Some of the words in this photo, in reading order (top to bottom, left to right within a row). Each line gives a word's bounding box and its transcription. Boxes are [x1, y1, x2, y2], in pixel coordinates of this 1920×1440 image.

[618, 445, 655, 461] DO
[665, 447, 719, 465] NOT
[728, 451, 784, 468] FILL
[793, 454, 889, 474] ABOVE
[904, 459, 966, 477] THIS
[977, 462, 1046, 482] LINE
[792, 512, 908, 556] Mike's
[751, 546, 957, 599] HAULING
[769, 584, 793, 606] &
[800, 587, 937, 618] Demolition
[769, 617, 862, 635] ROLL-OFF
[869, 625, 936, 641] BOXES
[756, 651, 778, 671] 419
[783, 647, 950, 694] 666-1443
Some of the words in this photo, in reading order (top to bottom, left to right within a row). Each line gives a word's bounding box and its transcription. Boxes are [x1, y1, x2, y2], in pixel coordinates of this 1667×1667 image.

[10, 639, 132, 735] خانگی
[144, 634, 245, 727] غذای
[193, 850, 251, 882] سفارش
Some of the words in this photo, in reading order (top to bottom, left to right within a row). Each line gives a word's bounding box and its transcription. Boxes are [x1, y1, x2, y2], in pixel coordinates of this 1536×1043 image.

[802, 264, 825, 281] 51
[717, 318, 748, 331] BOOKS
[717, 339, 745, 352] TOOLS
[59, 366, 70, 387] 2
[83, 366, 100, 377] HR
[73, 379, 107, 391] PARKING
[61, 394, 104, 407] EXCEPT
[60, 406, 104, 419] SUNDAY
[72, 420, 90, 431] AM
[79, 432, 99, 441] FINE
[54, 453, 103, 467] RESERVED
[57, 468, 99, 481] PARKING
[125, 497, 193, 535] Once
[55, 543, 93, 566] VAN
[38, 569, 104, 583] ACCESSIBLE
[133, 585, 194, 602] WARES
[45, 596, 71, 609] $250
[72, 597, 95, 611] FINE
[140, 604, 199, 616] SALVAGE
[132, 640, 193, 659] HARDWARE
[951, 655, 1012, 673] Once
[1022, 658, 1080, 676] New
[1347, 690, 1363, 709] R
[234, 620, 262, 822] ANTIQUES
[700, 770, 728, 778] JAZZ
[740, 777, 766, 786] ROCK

=== THE PROBLEM ===
The records above are to be printed in full, exactly as they appear.

=== ANSWER TO THIS PROBLEM ===
Some of the words in this photo, in reading order (top to bottom, left to right within a row). Each line gives a word's bounding box and its transcription. Boxes are [x1, y1, x2, y2], in pixel coordinates of this 1920×1440 image.

[618, 445, 655, 461] DO
[665, 447, 719, 465] NOT
[728, 451, 784, 468] FILL
[793, 454, 889, 474] ABOVE
[904, 459, 966, 477] THIS
[977, 462, 1046, 482] LINE
[792, 512, 908, 556] Mike's
[751, 546, 957, 599] HAULING
[769, 584, 793, 606] &
[800, 587, 937, 618] Demolition
[769, 617, 862, 635] ROLL-OFF
[869, 625, 936, 641] BOXES
[756, 651, 778, 671] 419
[783, 647, 950, 694] 666-1443
Some of the words in this photo, in reading order (top to bottom, left to right within a row). Each line gives a word's bounding box and its transcription. Boxes are [x1, y1, x2, y2], in pixel coordinates of this 1667×1667 image.

[10, 639, 132, 735] خانگی
[144, 634, 245, 727] غذای
[193, 850, 251, 882] سفارش
Some of the words in this photo, in reading order (top to bottom, left to right within a row). Each line gives a word's bounding box and its transcription. Boxes are [x1, y1, x2, y2], in pixel coordinates of this 1536×1043 image.

[802, 264, 825, 281] 51
[717, 318, 748, 331] BOOKS
[717, 339, 745, 352] TOOLS
[59, 366, 70, 387] 2
[83, 366, 100, 377] HR
[73, 379, 107, 391] PARKING
[61, 394, 104, 407] EXCEPT
[60, 406, 104, 419] SUNDAY
[72, 420, 90, 431] AM
[79, 432, 99, 441] FINE
[54, 453, 103, 467] RESERVED
[57, 468, 99, 481] PARKING
[125, 497, 193, 535] Once
[55, 543, 93, 566] VAN
[38, 569, 104, 583] ACCESSIBLE
[133, 585, 194, 602] WARES
[45, 596, 71, 609] $250
[72, 597, 95, 611] FINE
[140, 604, 199, 616] SALVAGE
[132, 640, 193, 659] HARDWARE
[951, 655, 1012, 673] Once
[1022, 658, 1080, 676] New
[1347, 690, 1363, 709] R
[234, 620, 262, 822] ANTIQUES
[700, 770, 728, 778] JAZZ
[740, 777, 766, 786] ROCK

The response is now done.